For example, GDP growth in the United States rose slightly toward the end of the year 2016, 3.5% from the previous 3.2% earlier in the year, after the Federal Reserve raised interest rates. Meanwhile, GDP growth in the UK is still under 1% and expected to drop slightly in the coming months due to the Brexit poll. These relatively small figures can be seen across Europe in countries like Germany, France, Belgium, etc. and in others like Japan.
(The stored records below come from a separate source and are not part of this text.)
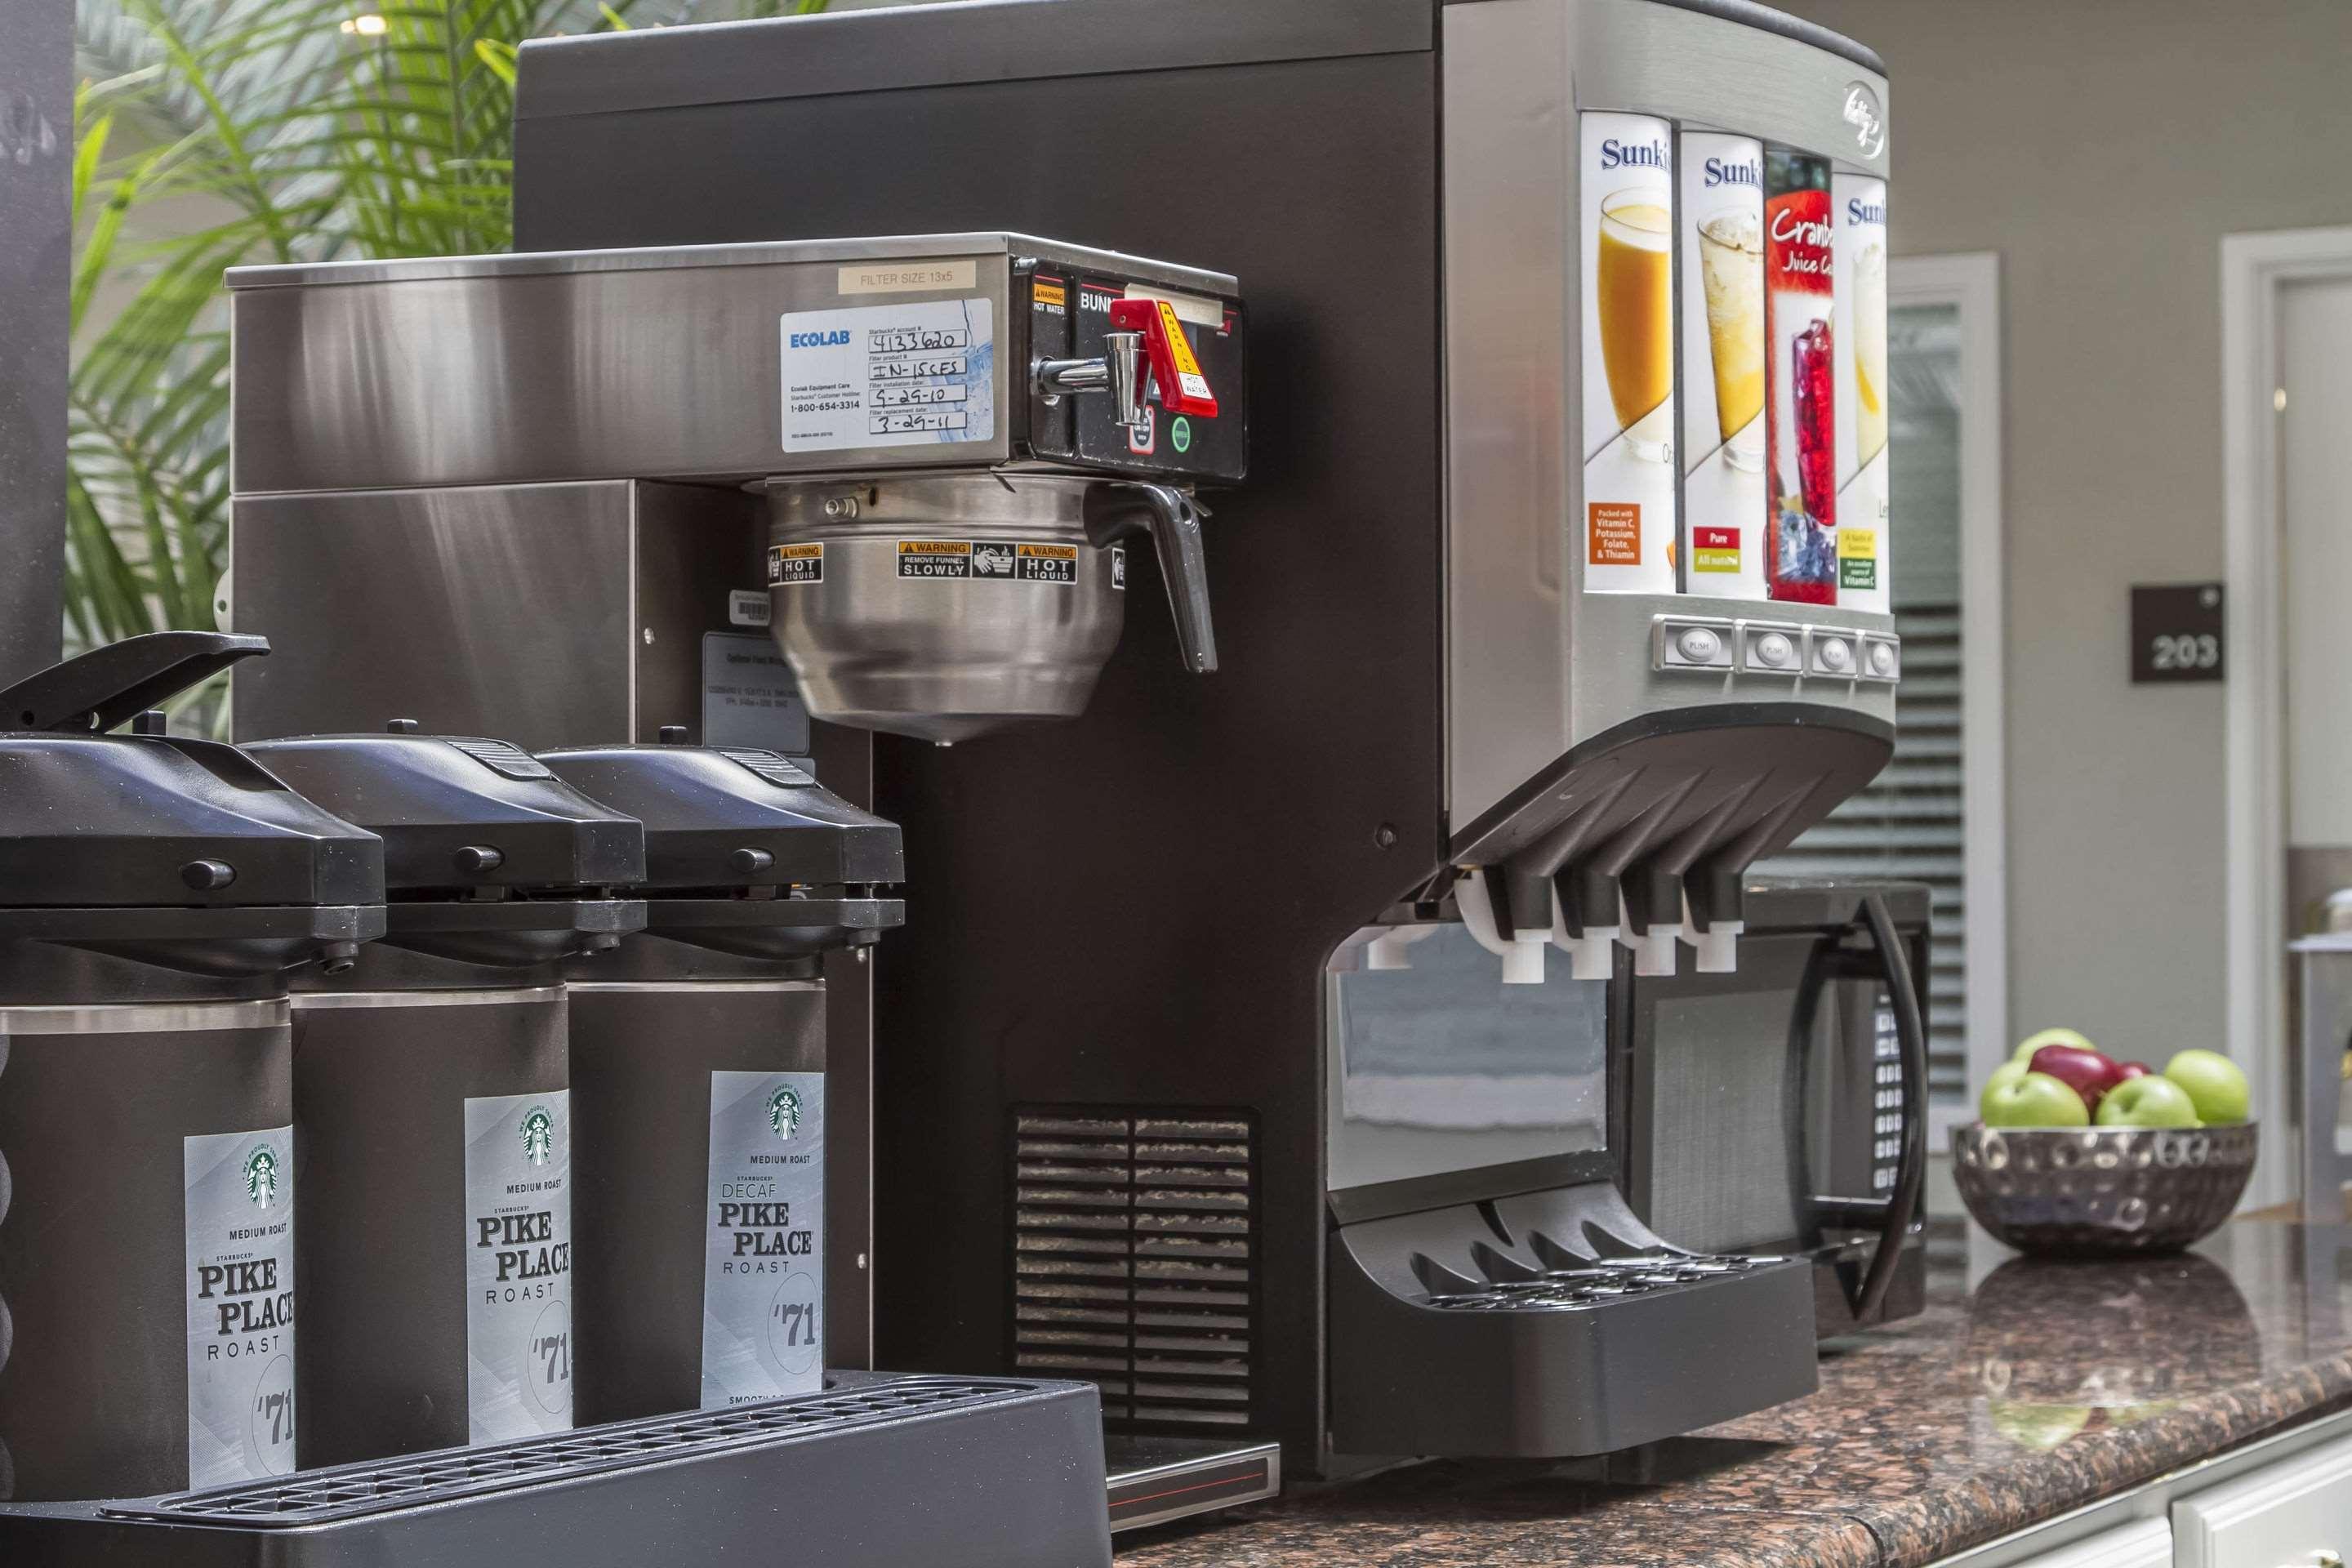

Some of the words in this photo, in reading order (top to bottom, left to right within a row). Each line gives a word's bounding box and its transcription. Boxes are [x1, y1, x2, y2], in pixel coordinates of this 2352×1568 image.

[1782, 250, 1818, 273] Juice
[861, 274, 898, 286] FILTER
[901, 273, 926, 284] SIZE
[930, 270, 953, 283] 13x5
[1040, 290, 1063, 301] WARNING
[1033, 301, 1045, 312] HOT
[1046, 305, 1065, 314] WATER
[790, 330, 851, 349] ECOLAB
[874, 331, 955, 352] 4133620
[791, 400, 860, 412] 1-800-654-3314
[878, 414, 949, 433] 3-29-11
[1598, 509, 1620, 517] Packed
[1597, 518, 1627, 528] Vitamin
[1596, 528, 1636, 540] Potassium,
[1710, 532, 1727, 544] Pure
[789, 546, 819, 557] WARNING
[916, 543, 967, 553] WARNING
[1034, 546, 1073, 557] WARNING
[1597, 549, 1603, 559] &
[1605, 550, 1635, 559] Thiamin
[785, 560, 815, 572] HOT
[1027, 559, 1070, 572] HOT
[1698, 555, 1710, 565] All
[785, 571, 815, 581] LIQUID
[903, 564, 964, 576] SLOWLY
[1027, 570, 1069, 581] LIQUID
[1844, 575, 1869, 586] Vitamin
[1689, 642, 1709, 651] PUSH
[1766, 646, 1783, 654] PUSH
[2151, 634, 2219, 670] 203
[751, 1156, 786, 1164] MEDIUM
[790, 1155, 810, 1164] ROAST
[506, 1182, 541, 1195] MEDIUM
[544, 1178, 562, 1190] ROAST
[721, 1183, 777, 1198] DECAF
[718, 1202, 789, 1228] PIKE
[229, 1227, 266, 1241] MEDIUM
[269, 1223, 287, 1236] ROAST
[476, 1210, 551, 1248] PIKE
[733, 1230, 812, 1257] PLACE
[495, 1241, 569, 1282] PLACE
[723, 1261, 791, 1274] ROAST
[197, 1258, 278, 1299] PIKE
[486, 1282, 554, 1304] ROAST
[773, 1302, 816, 1346] '71
[207, 1335, 279, 1361] ROAST
[533, 1332, 569, 1384] '71
[257, 1388, 293, 1446] '71
On the other hand, developing nations are showing excellent economic growth, and Africa, in particular, is showing great promise this year. There are various reasons for the difference in GDP growth rates, among them:
>the decreasing population growth rates
>investment into developing countries by companies in developed countries
>catch-up growth as developing nations adapt proven technologies from developed nations
>developed nations already have a huge GDP, and even a slight growth translates to a big number
Given these reasons, one should not jump to invest in a country just because of the GDP growth rate. However, the compounded annual growth rate (CAGR) is a much better measure to determine the growth of a country’s economy. It is with this measure, that we’re going to analyze some of the best performing African economies to keep an eye on and their currencies.
Tanzania
Tanzania is a real beacon of hope in the East African and the greater sub-Saharan regions. For a long time, Tanzania’s economy has been predominantly agricultural, employing about 80% of the country’s residents. With the other main earner being the tourism sector. Ever since the election of President John Magufuli in 2015, though, the country has diversified its economy away from these 2 sectors.
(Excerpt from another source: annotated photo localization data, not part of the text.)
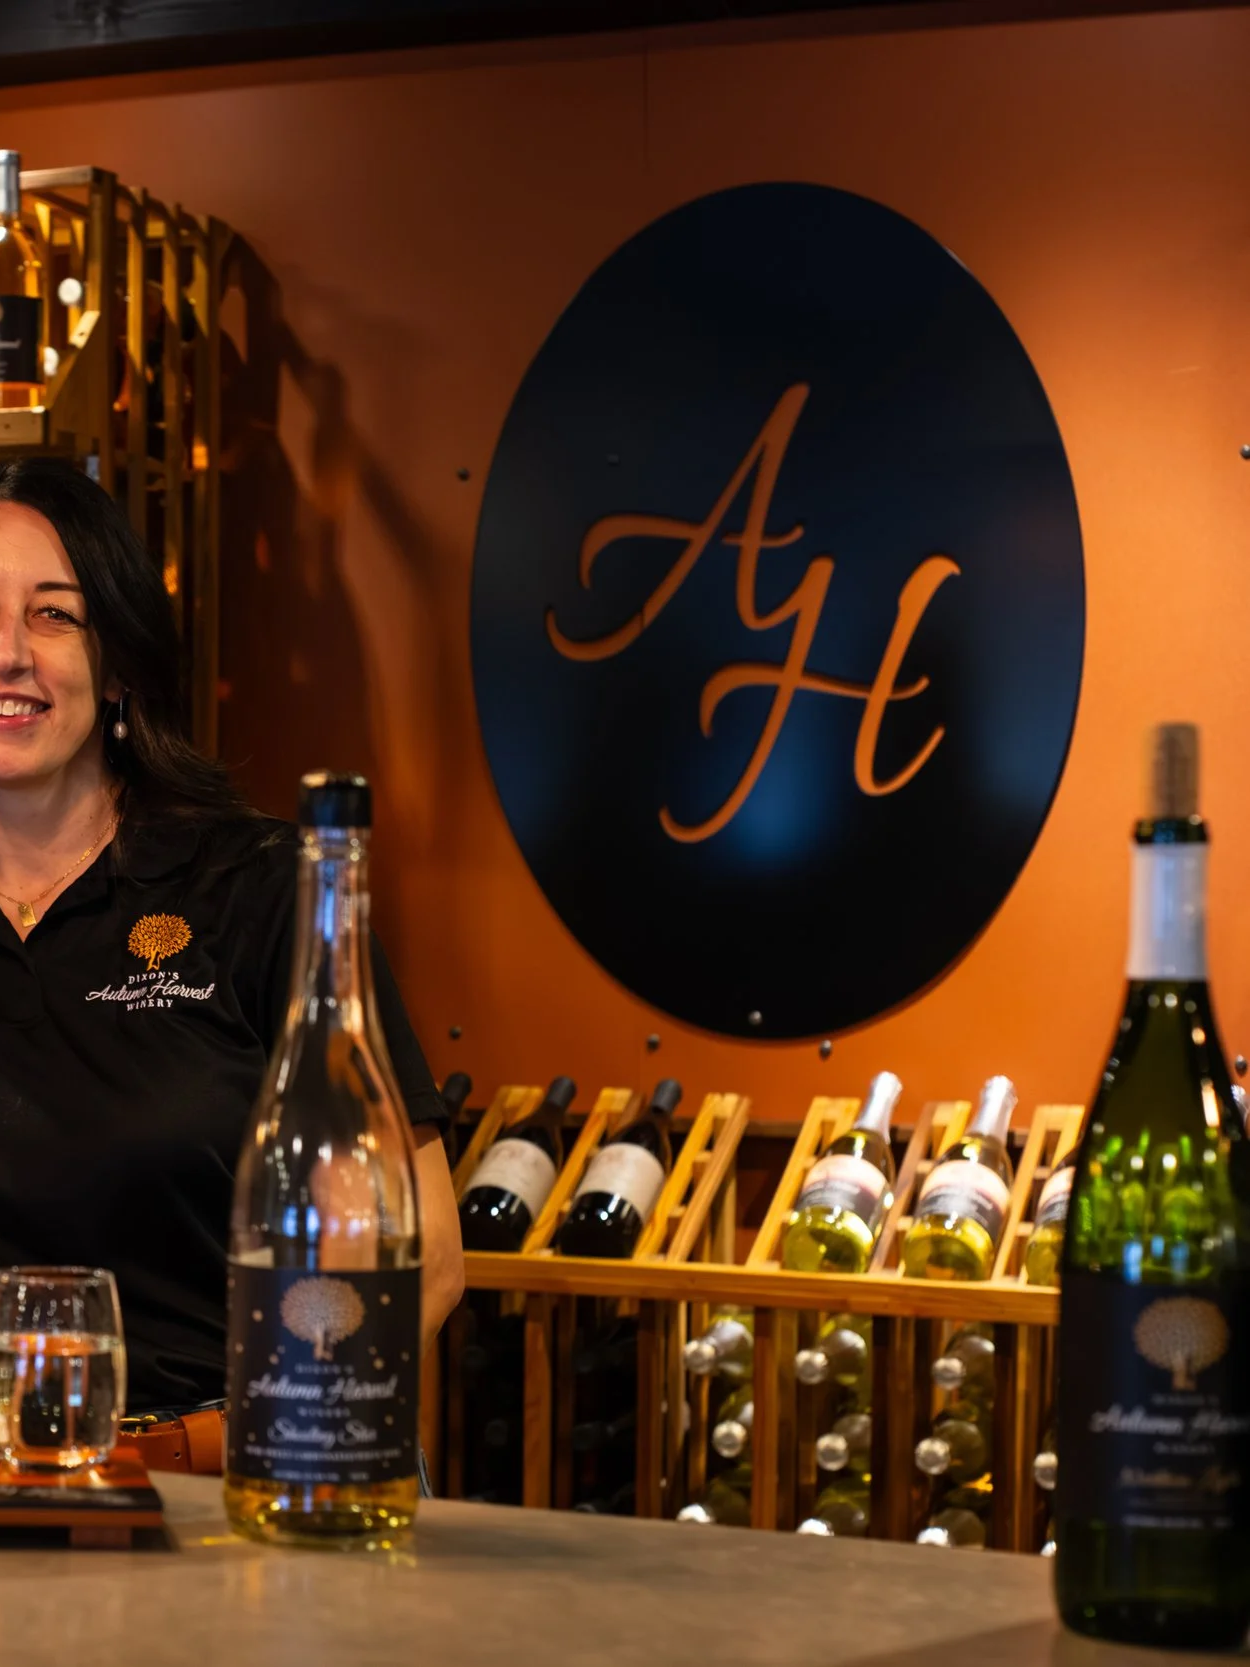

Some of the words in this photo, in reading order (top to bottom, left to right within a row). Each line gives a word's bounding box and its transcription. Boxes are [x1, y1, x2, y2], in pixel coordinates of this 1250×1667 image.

[548, 382, 962, 844] AH
[128, 971, 180, 984] DIXON'S
[85, 984, 148, 1001] Autumn
[146, 978, 215, 1001] Harvest
[126, 998, 174, 1012] WINERY
The new president emphasized on expanding the infrastructure, finance and mining sectors in order to diversify. Ever since the new president’s tenure, the battle to end graft is on in earnest. At the forefront is President John Magufuli. In his one year in office, he's already shown he means business. Inflation has dropped from 6.5% to 4.9% in a year, and GDP growth rate remained above 7%. The CAGR is also expected to remain above 7% this year, too, and this is bound to attract even more foreign investment. This is going to be crucial because President Magufuli’s plans are considered ambitious, although feasible.
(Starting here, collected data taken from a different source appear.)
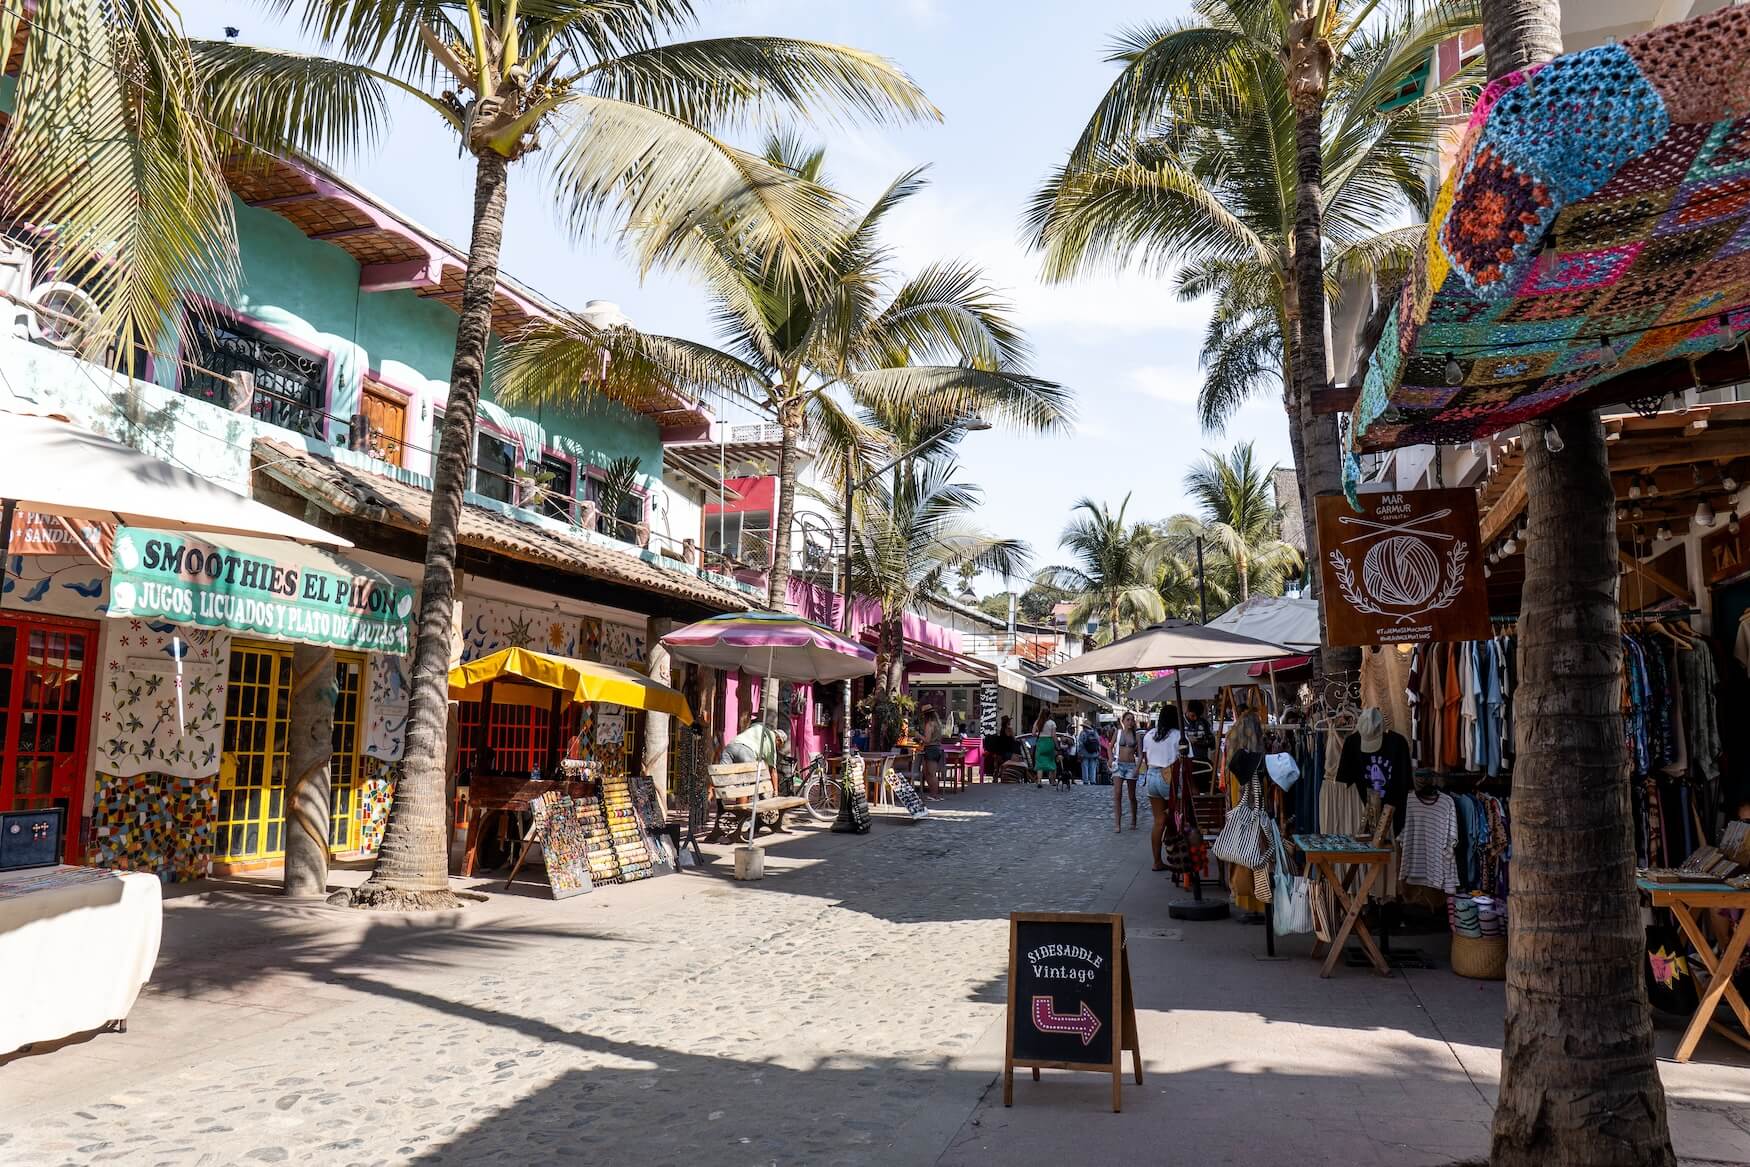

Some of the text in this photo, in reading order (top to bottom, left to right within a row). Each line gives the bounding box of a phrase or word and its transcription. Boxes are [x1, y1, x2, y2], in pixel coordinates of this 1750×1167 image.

[1375, 503, 1412, 515] GARMUR
[1381, 494, 1404, 505] MAR
[143, 539, 397, 615] SMOOTHIES EL PILON
[200, 590, 274, 628] LICUADOS
[274, 605, 287, 629] Y
[288, 607, 330, 636] PLATO
[332, 613, 350, 640] DE
[1027, 943, 1103, 969] SIDESADDLE
[1032, 964, 1096, 983] Vintage
So far, there has been a $3.6 billion commitment by the World Bank Group to finance these plans, and the effects can already be felt. The poverty levels are gradually decreasing and production of energy through natural gas has increased electricity supply to more areas in the country. Together with the strides made in infrastructure, more of the country which remains unexplored is expected to become more productive, contributing to the economy’s overall growth.
As for the Tanzanian Shilling, there haven’t been any improvements, but this is only due to the broad investments being undertaken by the government. It is not clear whether there is going to be any change this year, but the Tanzanian Shilling is definitely a currency to watch this year.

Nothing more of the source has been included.